The crux of the panic I felt had a lot to do with the limited choices all educators have. Down one road, I could stay in the classroom and ignore an entire side of my professional life—working with teachers and on system reform—that I found very fulfilling. Down another road, I saw the life of a principal, a job I knew I did not want. At. All.
The next week, I ventured with trepidation and fear into a team meeting where those of us who piloted this educator leadership application converged to debrief the process
As soon as we began sharing, I realized I wasn’t the only one who had experienced that moment of panic and dread upon reflecting. My colleagues also found themselves struggling while they documented their educator paths. We cried. We shared. We laughed. And in the end, we saw that the listing and mapping of our careers helped us better understand our own stories and the larger story of education—a profession that takes many, not just one.
This revelation gave us all cause to celebrate as ultimately, that was the goal of the leadership program in the first place. We set out hoping to elevate the different talents, skills, and qualities that make each educator different, unique, and indispensable to a system. And it seemed we had achieved our goal.
“The Body Song” taught me long ago that if you lose one part, the whole ceases to function. The brain can’t live on its own. The eyes don’t think for themselves. The ears provide necessary input for decision-making.

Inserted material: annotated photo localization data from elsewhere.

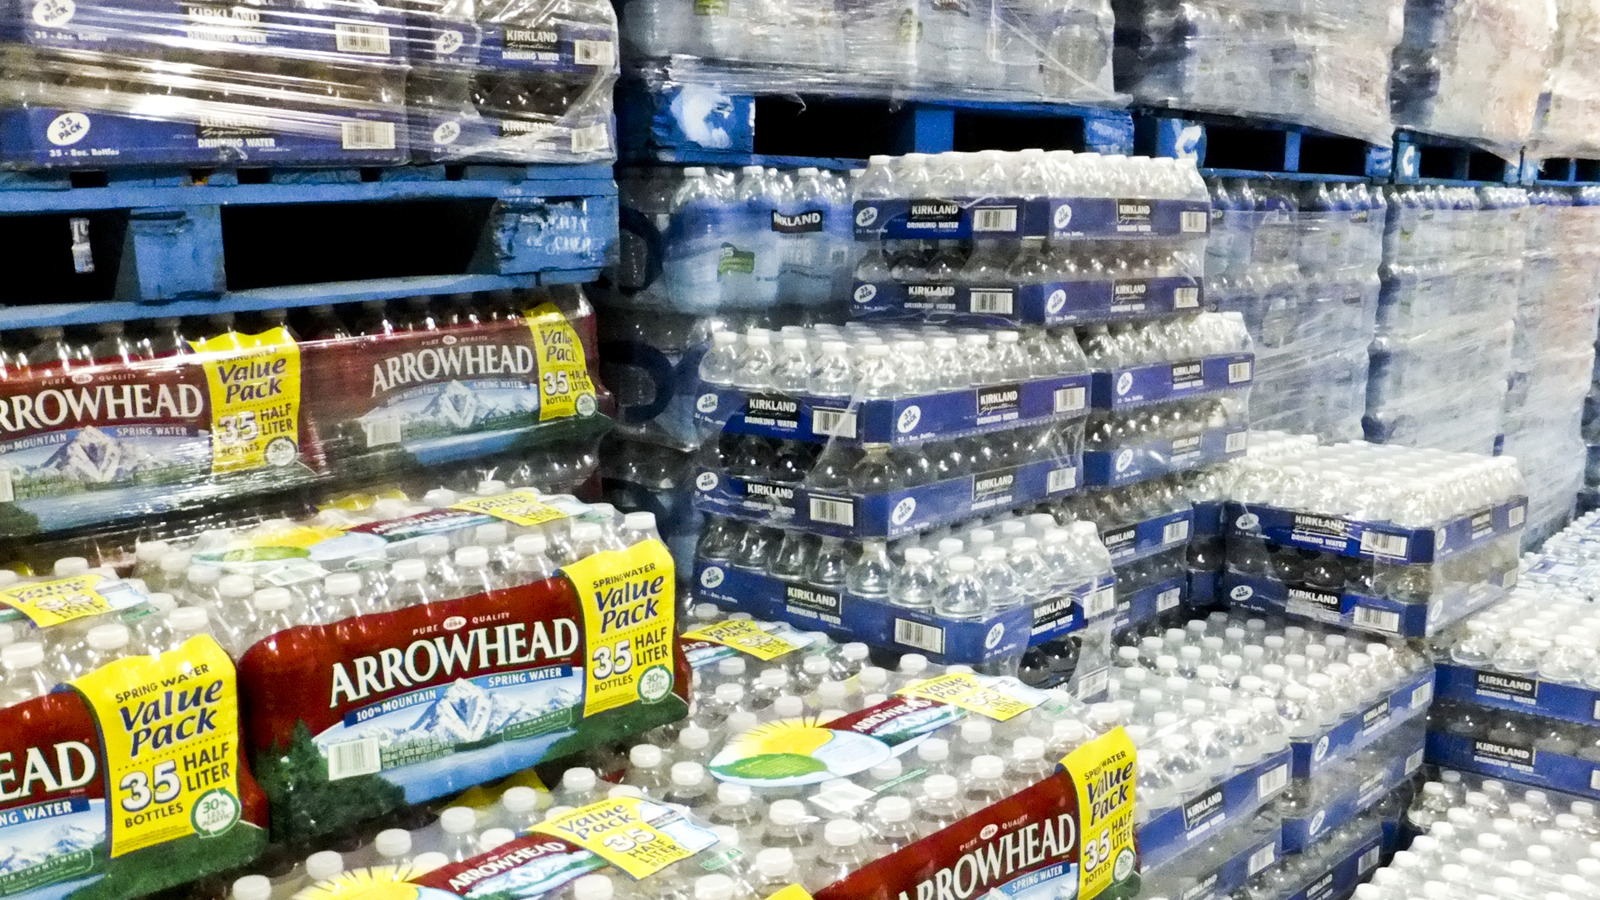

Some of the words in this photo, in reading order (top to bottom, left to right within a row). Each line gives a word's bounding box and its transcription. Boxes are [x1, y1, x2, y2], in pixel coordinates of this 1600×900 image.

[507, 29, 558, 43] KIRKLAND
[502, 51, 536, 61] DRINKING
[538, 52, 560, 62] WATER
[58, 116, 73, 129] 35
[58, 121, 83, 141] PACK
[49, 149, 62, 157] 35
[197, 137, 244, 149] DRINKING
[246, 137, 276, 148] WATER
[911, 204, 959, 216] KIRKLAND
[1119, 204, 1151, 215] KIRKLAND
[906, 221, 937, 229] DRINKING
[938, 221, 959, 229] WATER
[908, 285, 956, 296] KIRKLAND
[1115, 283, 1146, 295] KIRKLAND
[217, 357, 287, 385] Value
[371, 344, 534, 398] ARROWHEAD
[225, 377, 283, 404] Pack
[543, 370, 570, 396] 35
[749, 398, 797, 413] KIRKLAND
[980, 390, 1018, 405] KIRKLAND
[218, 410, 259, 446] 35
[260, 402, 293, 422] HALF
[261, 418, 294, 436] LITER
[744, 416, 775, 427] DRINKING
[777, 419, 798, 429] WATER
[14, 432, 68, 450] MOUNTAIN
[116, 426, 153, 437] SPRING
[155, 425, 188, 436] WATER
[747, 483, 794, 500] KIRKLAND
[976, 474, 1014, 492] KIRKLAND
[1295, 514, 1346, 531] KIRKLAND
[1105, 529, 1136, 546] KIRKLAND
[1290, 533, 1324, 545] DRINKING
[1325, 538, 1348, 549] WATER
[623, 562, 656, 579] WATER
[594, 575, 664, 612] Value
[787, 586, 837, 607] KIRKLAND
[1288, 588, 1339, 605] KIRKLAND
[600, 597, 659, 634] Pack
[820, 611, 842, 625] WATER
[1033, 598, 1072, 619] KIRKLAND
[412, 623, 438, 636] PURE
[472, 611, 511, 625] QUALITY
[329, 616, 580, 708] ARROWHEAD
[592, 638, 633, 681] 35
[635, 626, 668, 650] HALF
[636, 643, 669, 667] LITER
[115, 682, 159, 704] SPRING
[160, 663, 210, 689] WATER
[594, 674, 634, 694] BOTTLES
[917, 676, 965, 696] Value
[1477, 674, 1533, 692] KIRKLAND
[119, 678, 225, 732] Value
[356, 706, 381, 722] 100%
[382, 689, 438, 713] MOUNTAIN
[488, 672, 527, 688] SPRING
[529, 667, 563, 682] WATER
[130, 706, 219, 758] Pack
[1101, 750, 1127, 769] WATER
[1475, 741, 1530, 760] KIRKLAND
[119, 758, 182, 813] 35
[183, 741, 231, 773] HALF
[186, 761, 231, 793] LITER
[1087, 760, 1134, 805] Value
[22, 800, 73, 821] WATER
[124, 802, 184, 829] BOTTLES
[202, 798, 229, 815] 30%
[1090, 783, 1130, 827] Pack
[1186, 791, 1223, 820] KIRKLAND
[556, 803, 629, 835] Value
[574, 812, 638, 842] Pack
[602, 828, 656, 855] 35
[626, 838, 667, 860] HALF
[1084, 827, 1111, 874] 35
[1111, 809, 1133, 836] HALF
[1112, 829, 1131, 851] LITER
[638, 844, 681, 865] LITER
[898, 812, 1076, 900] RROWHEAD
[448, 840, 567, 892] ARROWHEAD
[1084, 860, 1111, 887] BOTTLES
[1012, 874, 1039, 893] SPRING
[1040, 864, 1064, 884] WATER

Education can and needs to make room for all of its parts, too. Excellent, effective, and dedicated classroom teachers are vital to the functioning of a school and the success of students. Teachers do not work in isolation, though. We need counselors, support personnel, paraprofessionals, instructional coaches, and amazing principals to make school quality and student success a reality.

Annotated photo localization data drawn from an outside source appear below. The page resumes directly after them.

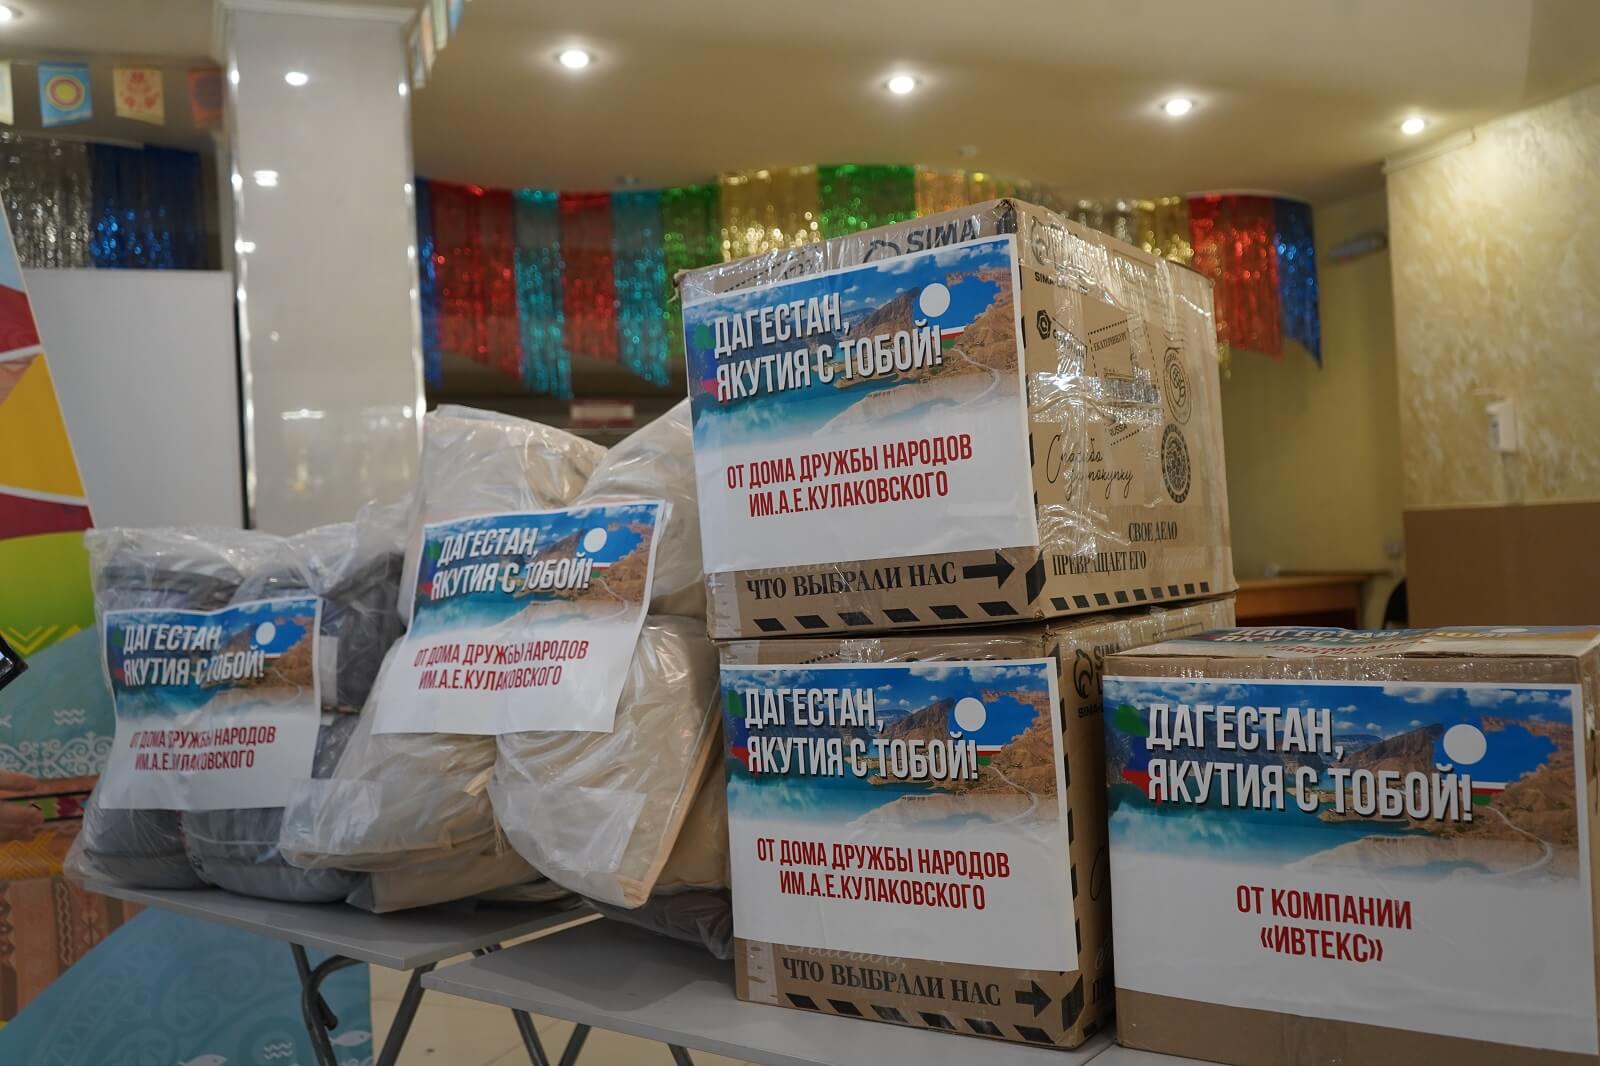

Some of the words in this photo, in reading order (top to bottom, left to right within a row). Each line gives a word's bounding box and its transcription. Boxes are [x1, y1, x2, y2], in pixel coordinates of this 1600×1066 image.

[714, 291, 851, 360] ДАГЕСТАН,
[716, 350, 812, 403] ЯКУТИЯ
[817, 344, 834, 384] С
[839, 318, 943, 379] ТОБОЙ!
[726, 464, 745, 490] ОТ
[748, 457, 796, 490] ДОМА
[799, 445, 879, 483] ДРУЖБЫ
[882, 433, 974, 468] НАРОДОВ
[748, 470, 950, 518] ИМ.А.Е.КУЛАКОВСКОГО
[436, 526, 540, 567] ДАГЕСТАН,
[1128, 521, 1153, 543] СВОЕ
[1154, 520, 1178, 544] ДЕЛО
[430, 563, 498, 600] ЯКУТИЯ
[501, 564, 520, 593] С
[521, 552, 594, 592] ТОБОЙ!
[747, 577, 787, 600] ЧТО
[794, 569, 903, 597] ВЫБРАЛИ
[908, 561, 957, 588] НАС
[1052, 551, 1127, 577] ПРЕВРАЩАЕТ
[1129, 550, 1147, 570] ЕГО
[123, 657, 191, 687] ЯКУТИЯ
[195, 659, 209, 685] С
[413, 648, 428, 668] ОТ
[426, 643, 460, 668] ДОМА
[462, 642, 523, 666] ДРУЖБЫ
[524, 640, 590, 663] НАРОДОВ
[417, 665, 564, 691] ИМ.А.Е.КУЛАКОВСКОГО
[744, 687, 884, 733] ДАГЕСТАН,
[1145, 702, 1345, 762] ДАГЕСТАН,
[213, 725, 277, 747] НАРОДОВ
[746, 735, 845, 777] ЯКУТИЯ
[851, 737, 867, 778] С
[874, 731, 980, 781] ТОБОЙ!
[1147, 759, 1286, 811] ЯКУТИЯ
[1295, 765, 1319, 814] С
[1327, 762, 1474, 824] ТОБОЙ!
[756, 837, 775, 863] ОТ
[779, 838, 828, 868] ДОМА
[830, 842, 914, 874] ДРУЖБЫ
[917, 849, 1011, 880] НАРОДОВ
[779, 870, 986, 911] ИМ.А.Е.КУЛАКОВСКОГО
[1236, 884, 1265, 916] ОТ
[1271, 888, 1413, 930] КОМПАНИИ
[1259, 924, 1385, 963] «ИВТЕКС»
[781, 957, 825, 984] ЧТО
[831, 961, 944, 1001] ВЫБРАЛИ
[951, 979, 1002, 1008] НАС

So rather than set up a system where we pit one role against another, the classic us-versus-them mentality, we should seek to elevate all the roles and acknowledge openly that each one requires different skill sets. Doing so would go a long way toward putting an end to divisions within education.

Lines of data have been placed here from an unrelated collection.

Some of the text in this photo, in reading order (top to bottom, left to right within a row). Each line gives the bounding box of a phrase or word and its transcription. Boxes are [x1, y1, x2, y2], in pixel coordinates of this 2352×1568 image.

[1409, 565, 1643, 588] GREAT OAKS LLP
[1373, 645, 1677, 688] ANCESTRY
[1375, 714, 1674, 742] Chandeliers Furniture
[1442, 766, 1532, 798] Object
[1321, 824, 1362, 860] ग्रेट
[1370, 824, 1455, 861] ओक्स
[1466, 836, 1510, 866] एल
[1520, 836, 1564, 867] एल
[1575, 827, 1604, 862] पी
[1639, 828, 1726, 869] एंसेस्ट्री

Master teachers skillfully engage and inspire students. Great principals use different skill sets, like culturally responsive discipline and managing personnel. It takes another skill set to be a high-quality instructional coach. The position I now hold in my state’s National Education Association affiliate draws upon skills I developed as a teacher, a journalist, a teacher on special assignment, and a school board secretary.
Today as I write this, I’m sitting atop a different bar stool, cider in hand, looking into the glow of my computer screen with far more hope for both my personal journey and the profession. As education becomes ever more complex, I see more educators recognize the diversity of skill sets it takes to help students reach their fullest potential.
I discovered I didn’t have to choose the well-trod paths of my predecessors—leave completely or become an administrator. I could forge my own path and find a role that allows me to contribute to the education profession in a way that is professionally fulfilling, challenging, and incredibly rewarding.